フンボルトのチェーンは全長が165km(moon wiki)あります。IAUに認められた月の表側のチェーンは11個ありますが、そのなかではアブールフィダのチェーン(219km)、シルヴェスターのチェーン(173km)に次いで3番目の長さです。下の画像は表側で最も長いとされるアブールフィダのクレーターチェーンです。

2016/5/14 μ-250

シルヴェスターのチェーン(173km)は北極に近い月の縁にあります。この位置だと、月の表面から出っ張った地形なら秤動次第で何とか見えるかもしれません。しかしクレーターチェーンは凹んでいるので、地上から見るのは非常に困難かと思います。

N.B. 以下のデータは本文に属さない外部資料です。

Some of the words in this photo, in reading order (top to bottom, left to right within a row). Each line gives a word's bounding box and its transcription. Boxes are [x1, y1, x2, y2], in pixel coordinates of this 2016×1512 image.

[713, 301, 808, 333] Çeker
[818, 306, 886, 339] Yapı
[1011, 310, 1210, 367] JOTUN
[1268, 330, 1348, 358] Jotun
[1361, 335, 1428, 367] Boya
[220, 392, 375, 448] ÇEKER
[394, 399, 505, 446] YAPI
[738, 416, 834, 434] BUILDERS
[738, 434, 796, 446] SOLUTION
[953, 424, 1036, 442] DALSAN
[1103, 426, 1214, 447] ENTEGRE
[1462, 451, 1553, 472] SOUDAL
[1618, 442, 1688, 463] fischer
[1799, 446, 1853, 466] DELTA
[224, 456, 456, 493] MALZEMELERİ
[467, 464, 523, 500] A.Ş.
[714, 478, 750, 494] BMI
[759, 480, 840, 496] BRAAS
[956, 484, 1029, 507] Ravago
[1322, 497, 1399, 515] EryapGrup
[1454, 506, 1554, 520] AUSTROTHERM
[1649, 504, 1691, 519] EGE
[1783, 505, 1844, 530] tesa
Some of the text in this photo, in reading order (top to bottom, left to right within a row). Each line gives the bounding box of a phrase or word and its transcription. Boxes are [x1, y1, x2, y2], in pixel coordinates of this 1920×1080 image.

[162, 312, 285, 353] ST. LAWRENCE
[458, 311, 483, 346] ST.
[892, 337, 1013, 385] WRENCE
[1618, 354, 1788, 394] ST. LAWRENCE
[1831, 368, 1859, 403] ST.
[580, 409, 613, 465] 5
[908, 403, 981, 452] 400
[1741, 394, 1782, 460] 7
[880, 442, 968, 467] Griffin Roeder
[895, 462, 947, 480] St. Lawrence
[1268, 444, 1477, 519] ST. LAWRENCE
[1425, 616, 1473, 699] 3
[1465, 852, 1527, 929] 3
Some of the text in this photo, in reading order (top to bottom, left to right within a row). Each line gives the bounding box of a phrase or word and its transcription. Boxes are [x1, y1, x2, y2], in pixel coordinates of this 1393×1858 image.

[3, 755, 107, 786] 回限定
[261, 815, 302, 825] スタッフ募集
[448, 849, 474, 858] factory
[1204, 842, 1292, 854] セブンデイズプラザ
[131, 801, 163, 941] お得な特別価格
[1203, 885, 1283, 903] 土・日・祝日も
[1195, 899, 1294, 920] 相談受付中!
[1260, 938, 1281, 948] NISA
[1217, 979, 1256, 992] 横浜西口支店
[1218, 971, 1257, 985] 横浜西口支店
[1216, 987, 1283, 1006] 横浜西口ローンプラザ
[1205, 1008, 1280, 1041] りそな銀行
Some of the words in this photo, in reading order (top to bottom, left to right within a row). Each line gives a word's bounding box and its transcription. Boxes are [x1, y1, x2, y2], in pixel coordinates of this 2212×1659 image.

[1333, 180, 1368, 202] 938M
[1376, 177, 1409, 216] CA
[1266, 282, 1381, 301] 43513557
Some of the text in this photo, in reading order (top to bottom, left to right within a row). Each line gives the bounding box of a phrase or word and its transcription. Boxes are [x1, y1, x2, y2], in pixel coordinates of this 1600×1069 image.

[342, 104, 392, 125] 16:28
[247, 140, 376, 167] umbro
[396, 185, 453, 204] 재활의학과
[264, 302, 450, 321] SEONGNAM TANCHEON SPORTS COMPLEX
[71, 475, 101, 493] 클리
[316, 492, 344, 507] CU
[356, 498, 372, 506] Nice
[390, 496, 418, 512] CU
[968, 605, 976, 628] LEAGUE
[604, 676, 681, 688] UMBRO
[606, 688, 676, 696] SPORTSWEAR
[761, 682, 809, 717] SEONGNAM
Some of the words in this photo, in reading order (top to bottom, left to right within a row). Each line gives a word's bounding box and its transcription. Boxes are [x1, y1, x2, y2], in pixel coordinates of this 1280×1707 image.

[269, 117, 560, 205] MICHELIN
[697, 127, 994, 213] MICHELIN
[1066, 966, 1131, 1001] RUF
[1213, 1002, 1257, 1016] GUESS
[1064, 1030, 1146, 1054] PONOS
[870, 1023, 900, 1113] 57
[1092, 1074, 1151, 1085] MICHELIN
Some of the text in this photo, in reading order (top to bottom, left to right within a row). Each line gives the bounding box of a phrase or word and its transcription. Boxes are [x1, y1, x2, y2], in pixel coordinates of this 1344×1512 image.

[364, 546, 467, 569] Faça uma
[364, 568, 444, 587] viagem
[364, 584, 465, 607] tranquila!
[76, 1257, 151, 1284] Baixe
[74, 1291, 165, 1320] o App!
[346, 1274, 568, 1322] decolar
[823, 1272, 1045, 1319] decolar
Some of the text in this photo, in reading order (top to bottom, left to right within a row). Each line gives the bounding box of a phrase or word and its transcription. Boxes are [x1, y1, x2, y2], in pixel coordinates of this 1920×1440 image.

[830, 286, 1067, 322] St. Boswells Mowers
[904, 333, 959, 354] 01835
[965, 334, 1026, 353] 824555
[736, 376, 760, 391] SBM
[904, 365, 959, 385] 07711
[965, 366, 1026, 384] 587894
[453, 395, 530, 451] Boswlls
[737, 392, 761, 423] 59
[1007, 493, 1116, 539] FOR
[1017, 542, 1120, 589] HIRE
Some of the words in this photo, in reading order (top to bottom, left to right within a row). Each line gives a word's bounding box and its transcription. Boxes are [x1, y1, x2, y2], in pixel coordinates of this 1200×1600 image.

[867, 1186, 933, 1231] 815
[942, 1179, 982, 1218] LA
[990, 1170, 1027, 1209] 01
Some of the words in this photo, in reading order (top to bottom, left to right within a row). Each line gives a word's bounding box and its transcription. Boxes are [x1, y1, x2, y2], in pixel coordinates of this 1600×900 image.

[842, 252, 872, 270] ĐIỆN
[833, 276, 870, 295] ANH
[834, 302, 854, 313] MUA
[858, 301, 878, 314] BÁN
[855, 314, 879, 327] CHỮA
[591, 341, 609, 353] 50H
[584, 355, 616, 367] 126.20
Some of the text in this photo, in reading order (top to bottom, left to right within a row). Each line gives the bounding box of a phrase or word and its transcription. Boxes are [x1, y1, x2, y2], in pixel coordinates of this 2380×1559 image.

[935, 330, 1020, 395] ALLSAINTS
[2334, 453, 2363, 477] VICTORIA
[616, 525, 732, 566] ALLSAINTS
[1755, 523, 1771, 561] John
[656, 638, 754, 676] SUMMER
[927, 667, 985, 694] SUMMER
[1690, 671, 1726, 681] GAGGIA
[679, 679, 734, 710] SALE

IAUのリストでは月の裏側のチェーンは9カ所あり、最長はオリエンタレ・ベイスンの近くのマイケルソンのチェーンで全長が456kmです。
オリエンタレ・ベイスンからは放射状に多くのクレーターの列が伸びていますが、ほとんど名前は付いていないようです。下はLROCの3D画像で、右下隅がオリエンタレ・ベイスン(中央が東の海)です。

(C)NASA LROC Images


このようなオリエンタレ・ベイスンから伸びるクレーターの列が、月の表側ではほとんど見られないのは残念です。
しかし下の3D画像を見ていると、バイイやインギラミの近くの小クレーターの並びはオリエンタレ・ベイスンの方向から来ているように感じます。左上隅がオリエンタレ・ベイスン、右下の大きなクレーターがバイイです。

(C)NASA LROC Images

下の画像は月の南西部を撮影したもので、インギラミ付近のクレーター列を囲んでみました。上の画像と比べると、恐らくオリエンタレ・ベイスン由来と思われます。この画像のように下弦側では判り難いので、また秤動が良い満月直前に見てみたいと思います。

2023/3/4 μ-250

下の画像はバイイの近くのクレーター列を囲んだもので、クレーターの密度はかなり疎らです。これもオリエンタレ・ベイスンの方向から伸びているように思えます。

2016/3/3 μ-250


フンボルトのクレーターチェーンから始まって、月の裏側の話になってしまいました。月の裏側は自分では見ることができないので、あえて避けてきたような気がします。でも今回、少しですが裏側の画像を見てみると、なかなか面白そうです。また時間を見つけて勉強してみたくなりました。